What is needed is an exact copy of every entry, without the pictures.
*** Opening Given data ***
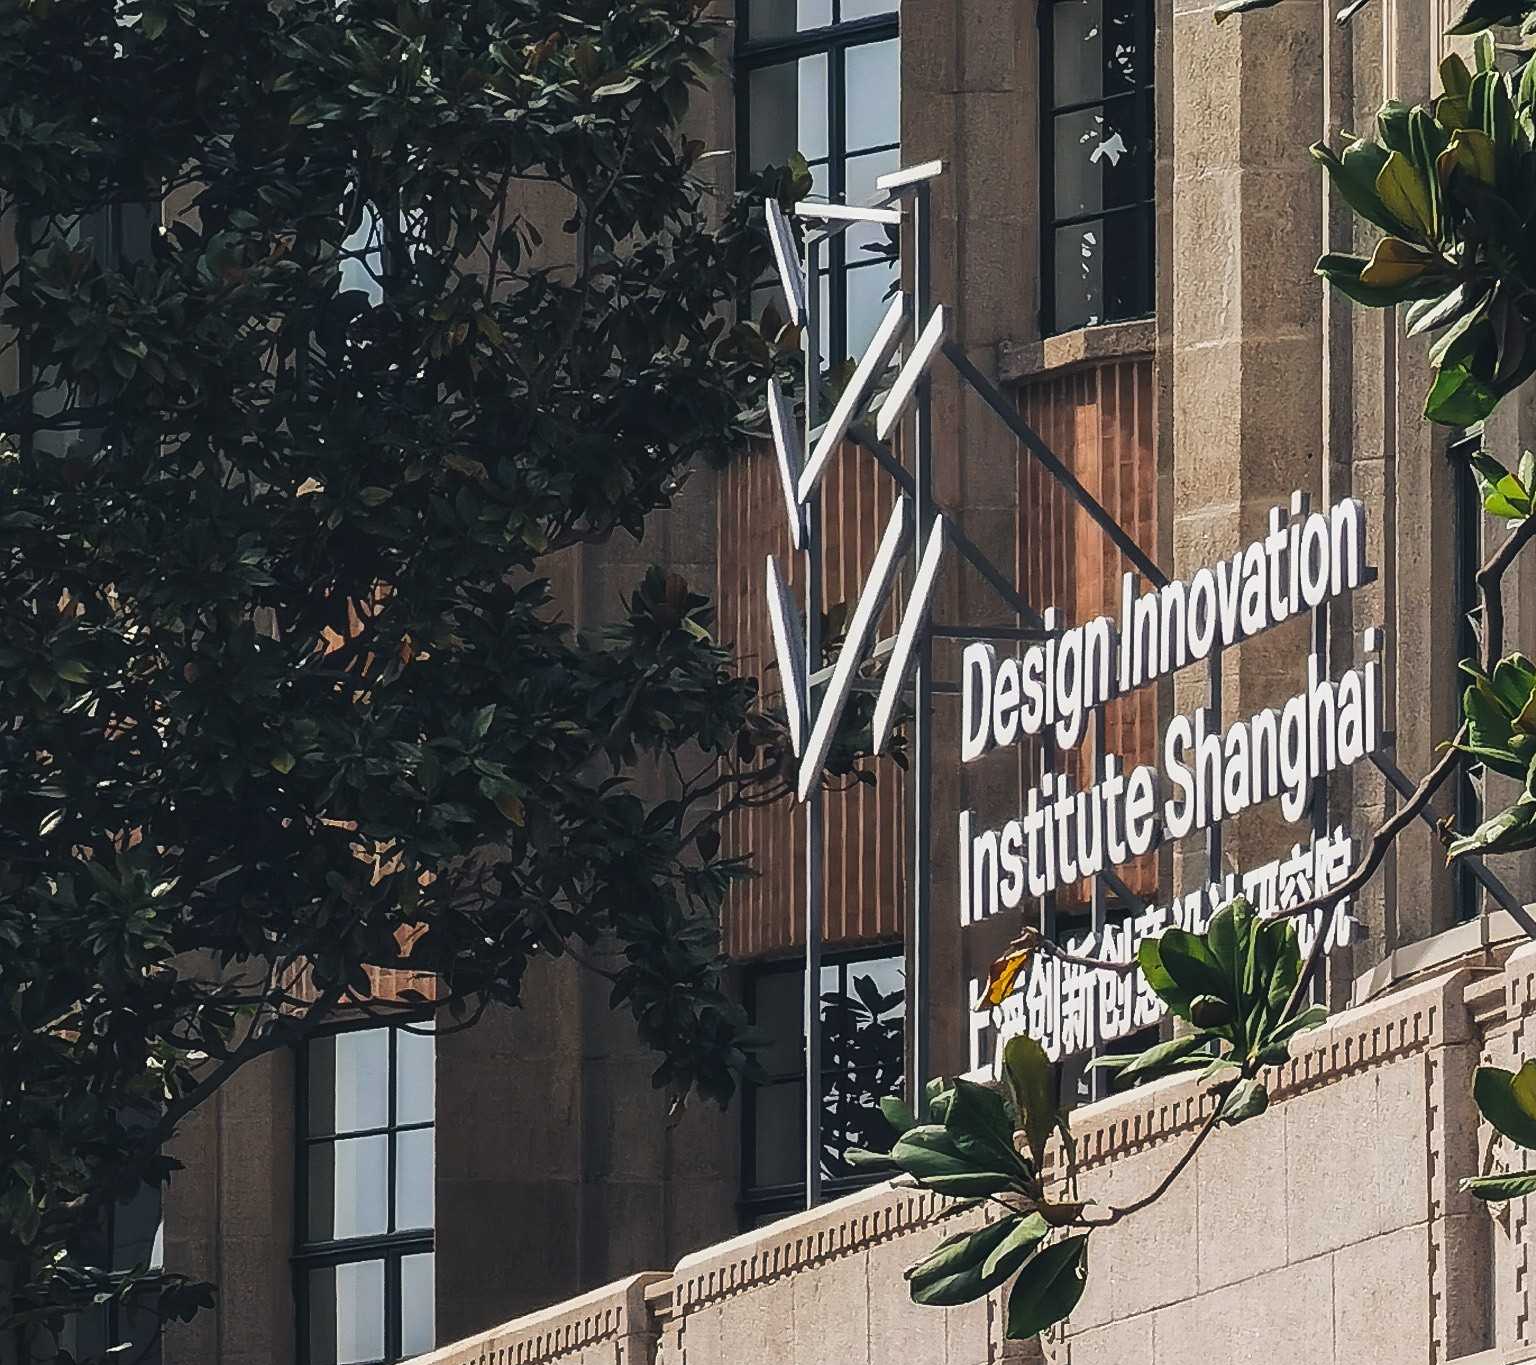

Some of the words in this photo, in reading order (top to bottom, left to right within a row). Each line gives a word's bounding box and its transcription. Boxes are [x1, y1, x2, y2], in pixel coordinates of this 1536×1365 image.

[962, 606, 1112, 763] Design
[1118, 489, 1362, 692] Innovation
[958, 753, 1155, 928] Institute
[1164, 627, 1376, 839] Shanghai
*** Closing Given data ***
◆ Answer for the task
Some of the words in this photo, in reading order (top to bottom, left to right within a row). Each line gives a word's bounding box and its transcription. Boxes are [x1, y1, x2, y2], in pixel coordinates of this 1536×1365 image.

[962, 606, 1112, 763] Design
[1118, 489, 1362, 692] Innovation
[958, 753, 1155, 928] Institute
[1164, 627, 1376, 839] Shanghai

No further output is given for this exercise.